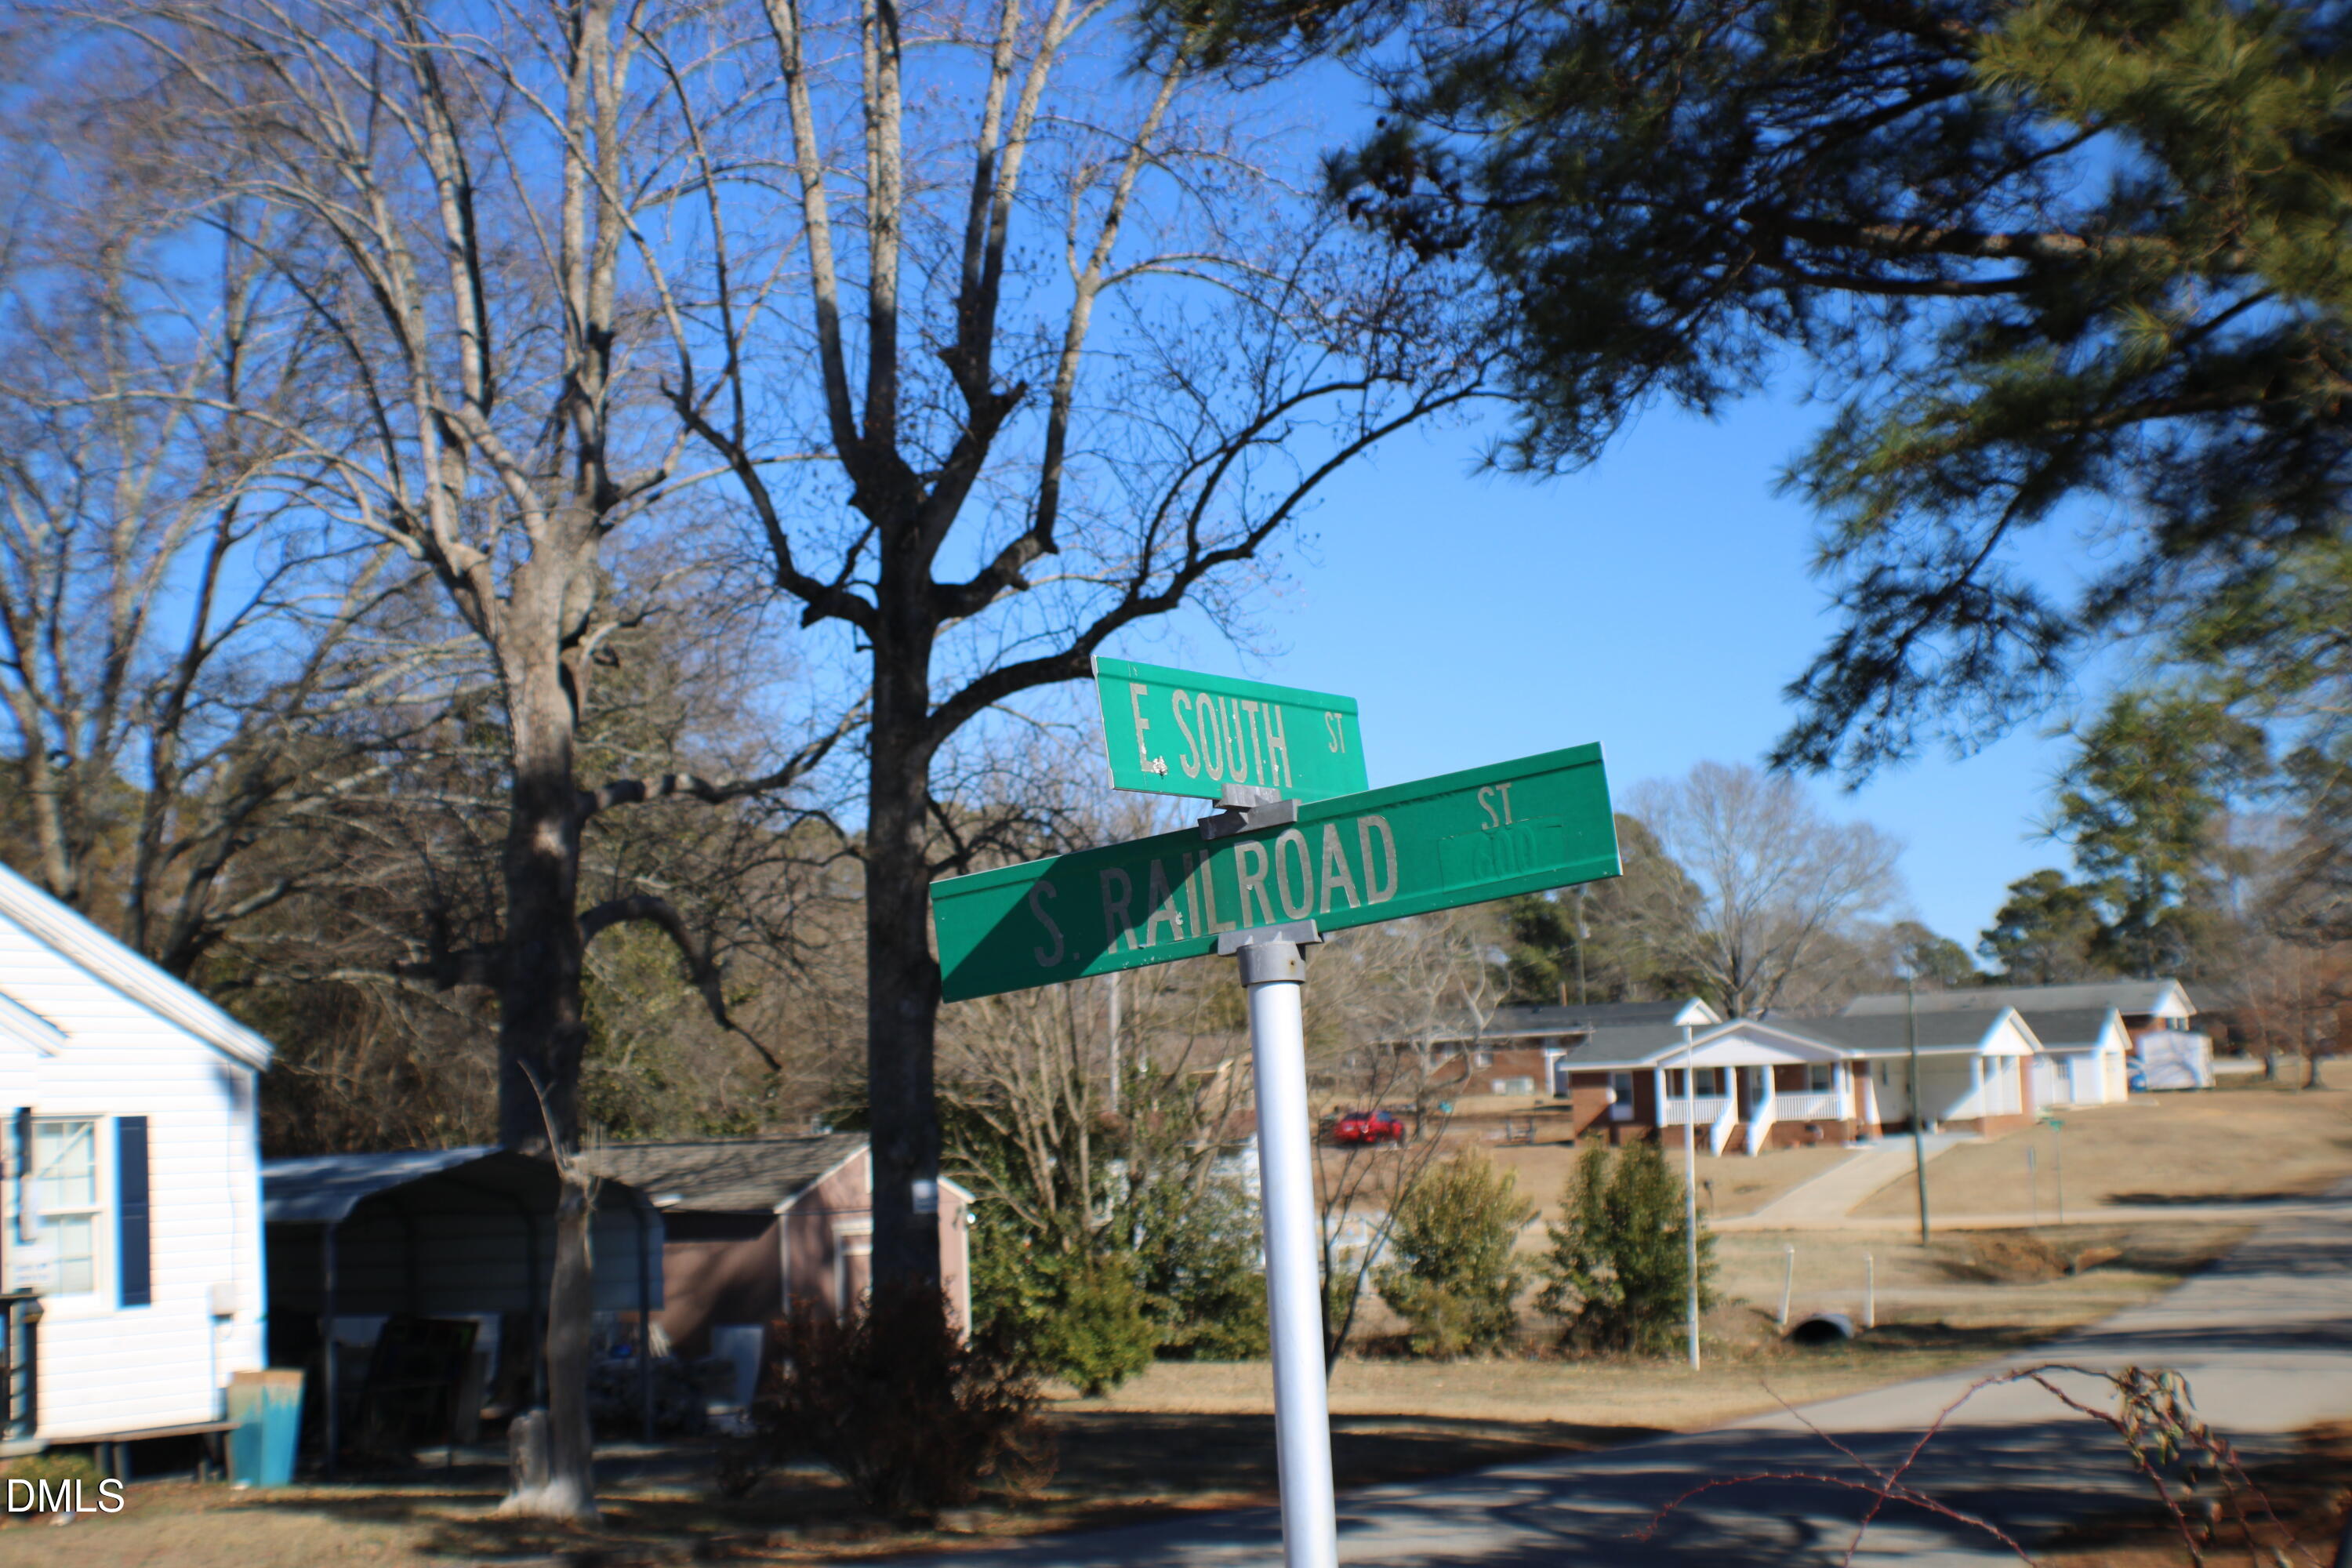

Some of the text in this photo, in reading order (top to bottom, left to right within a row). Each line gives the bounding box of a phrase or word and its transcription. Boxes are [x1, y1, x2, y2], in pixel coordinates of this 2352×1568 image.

[1172, 688, 1293, 789] SOUTH
[1323, 711, 1346, 753] ST
[1100, 815, 1398, 954] RAILROAD
[1477, 782, 1512, 830] ST
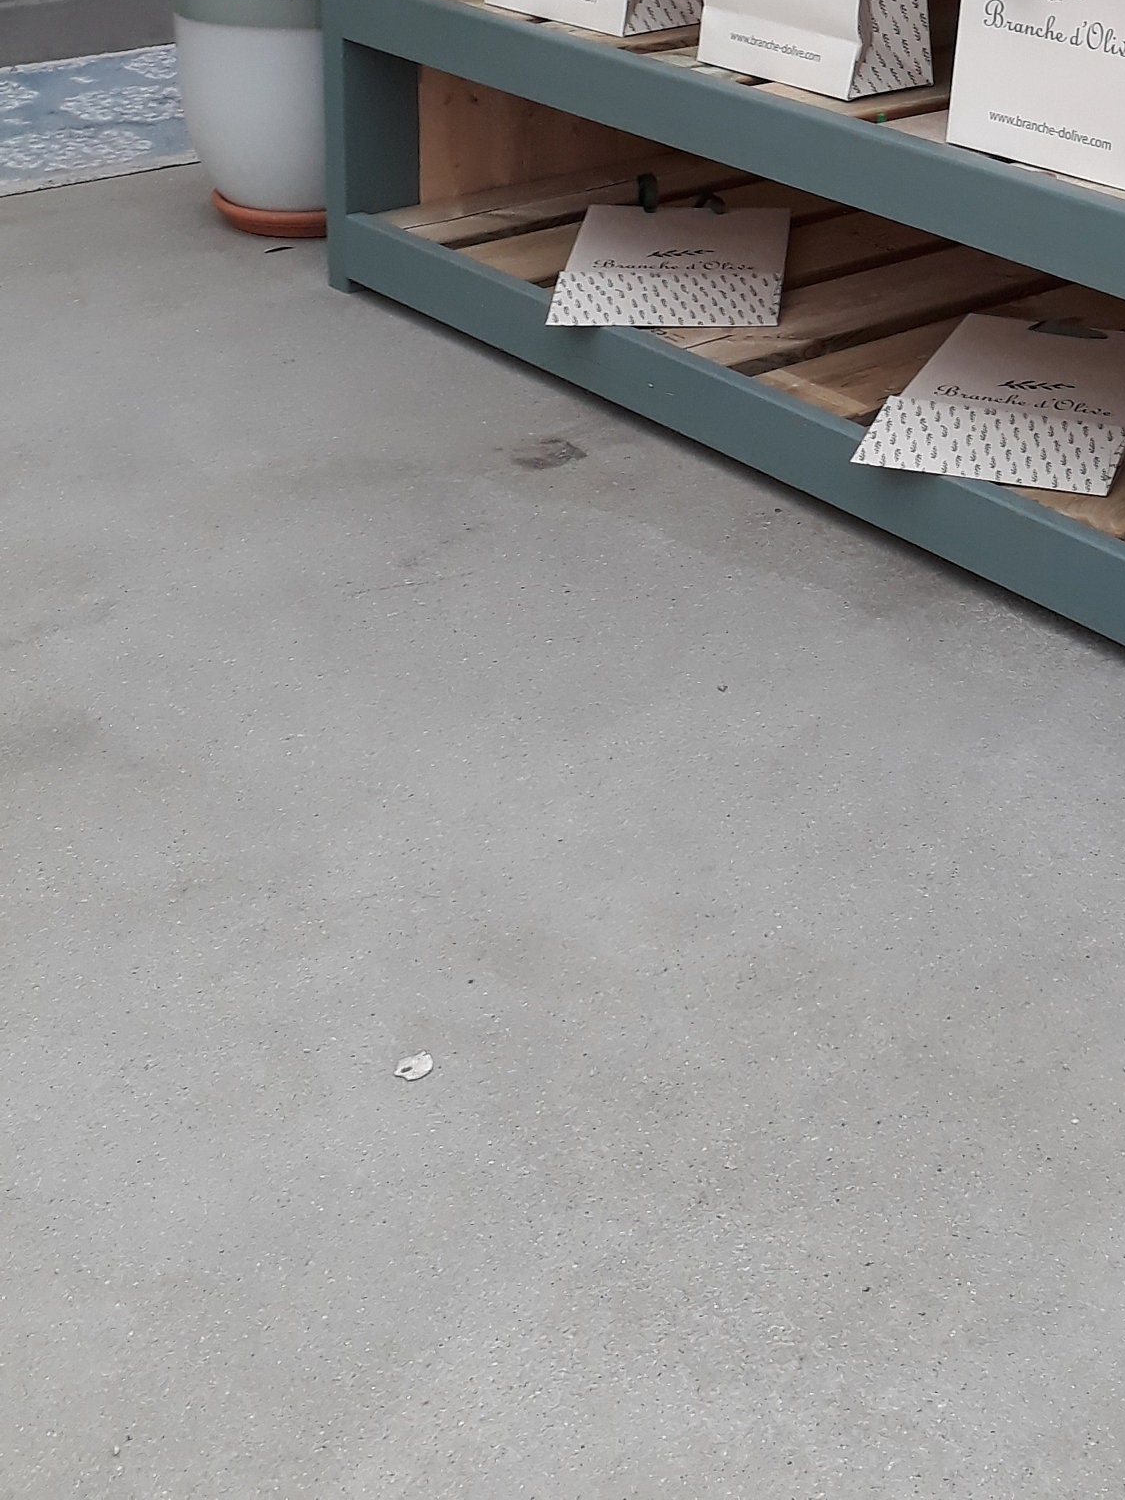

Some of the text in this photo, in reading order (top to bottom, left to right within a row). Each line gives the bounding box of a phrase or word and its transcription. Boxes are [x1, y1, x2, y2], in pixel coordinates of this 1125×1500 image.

[729, 32, 821, 63] www.branche-dolive.com
[988, 110, 1112, 151] www.branche-dolive.com
[592, 258, 678, 270] Branche
[933, 384, 1113, 417] Branche d'Olive
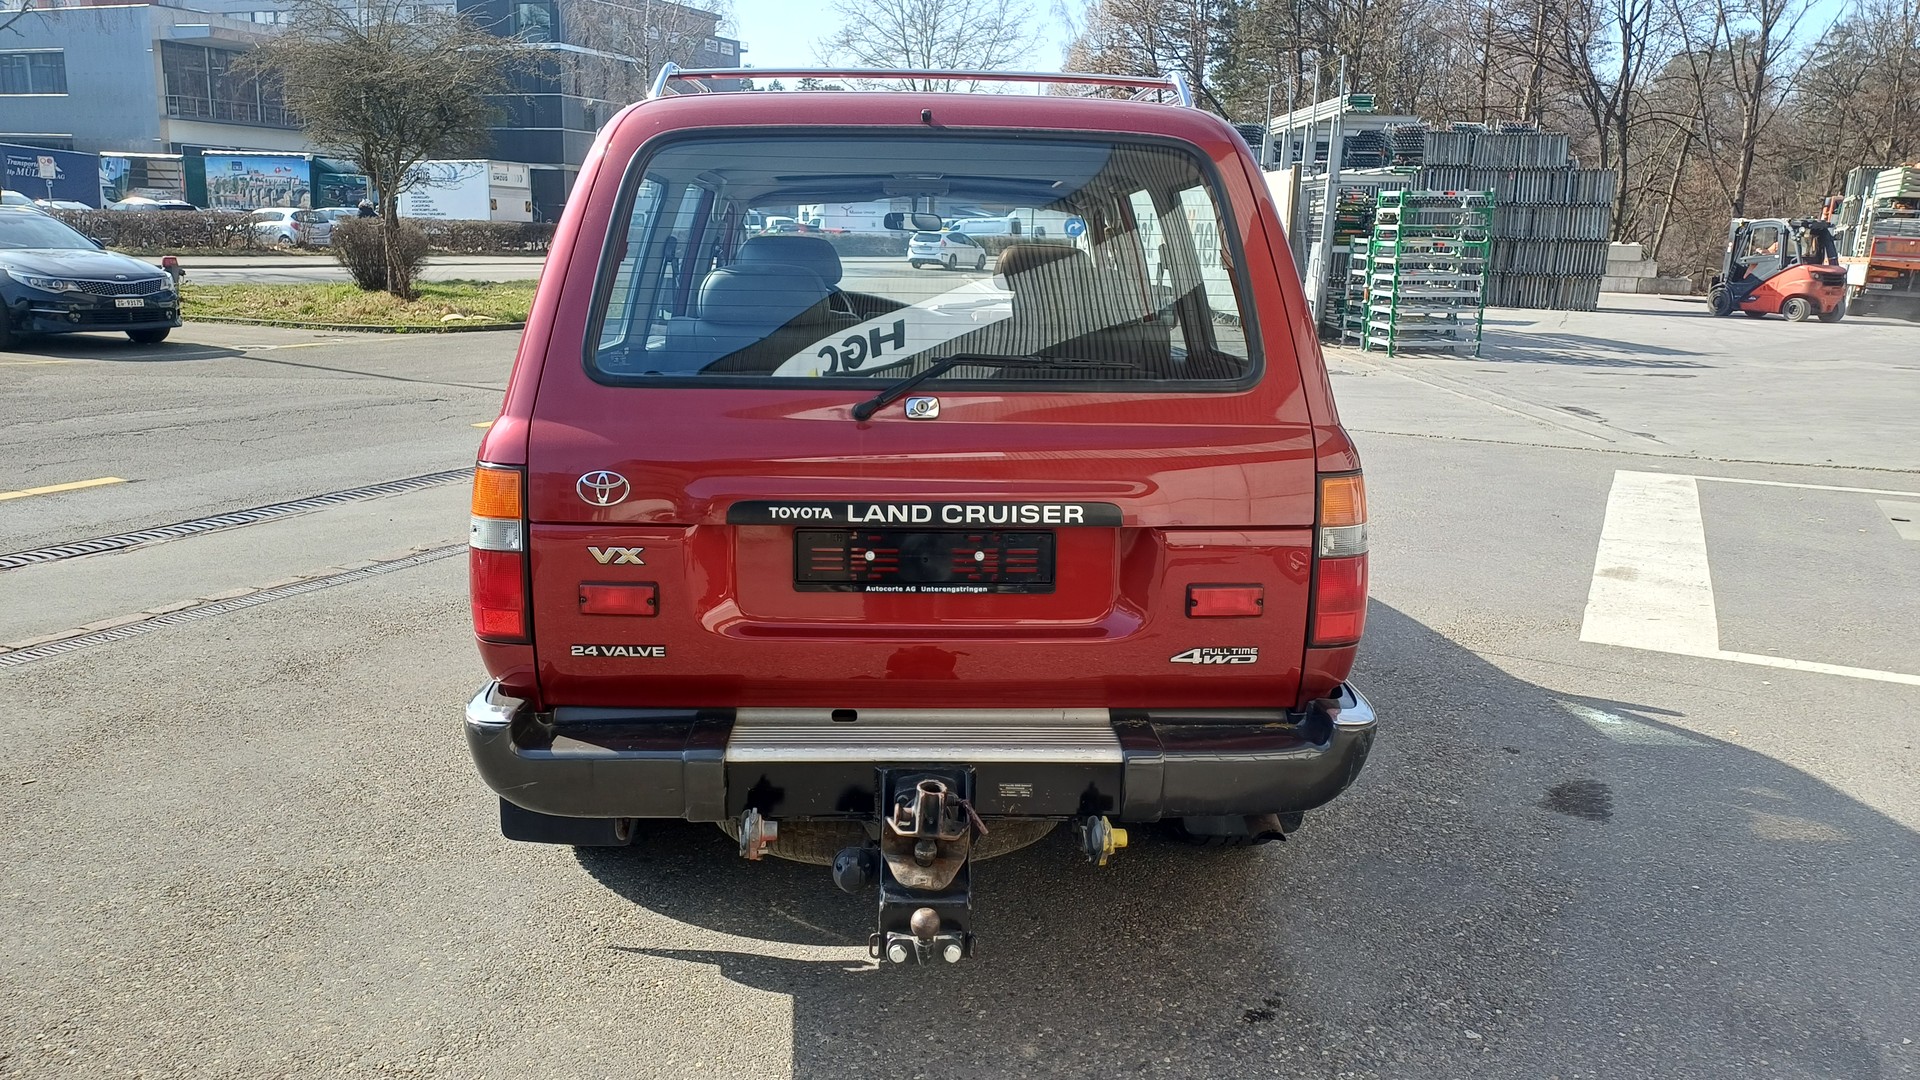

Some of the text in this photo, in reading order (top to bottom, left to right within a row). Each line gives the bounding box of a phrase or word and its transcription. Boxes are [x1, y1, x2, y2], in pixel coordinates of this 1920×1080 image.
---*---
### [Task instructions]
Lines from the one holding "this 1125×1500 image." to the end of the data, both ends included, are to be given again exactly; no pictures belong in the copy.

### [The completed task]
Some of the text in this photo, in reading order (top to bottom, left to right within a row). Each line gives the bounding box of a phrase or word and its transcription. Boxes are [x1, y1, x2, y2], in pixel coordinates of this 1125×1500 image.

[729, 32, 821, 63] www.branche-dolive.com
[988, 110, 1112, 151] www.branche-dolive.com
[592, 258, 678, 270] Branche
[933, 384, 1113, 417] Branche d'Olive

Some of the text in this photo, in reading order (top to bottom, left to right within a row). Each line gives the bounding box of a phrase or word and its transcription. Boxes are [x1, y1, x2, y2], in pixel coordinates of this 1920×1080 image.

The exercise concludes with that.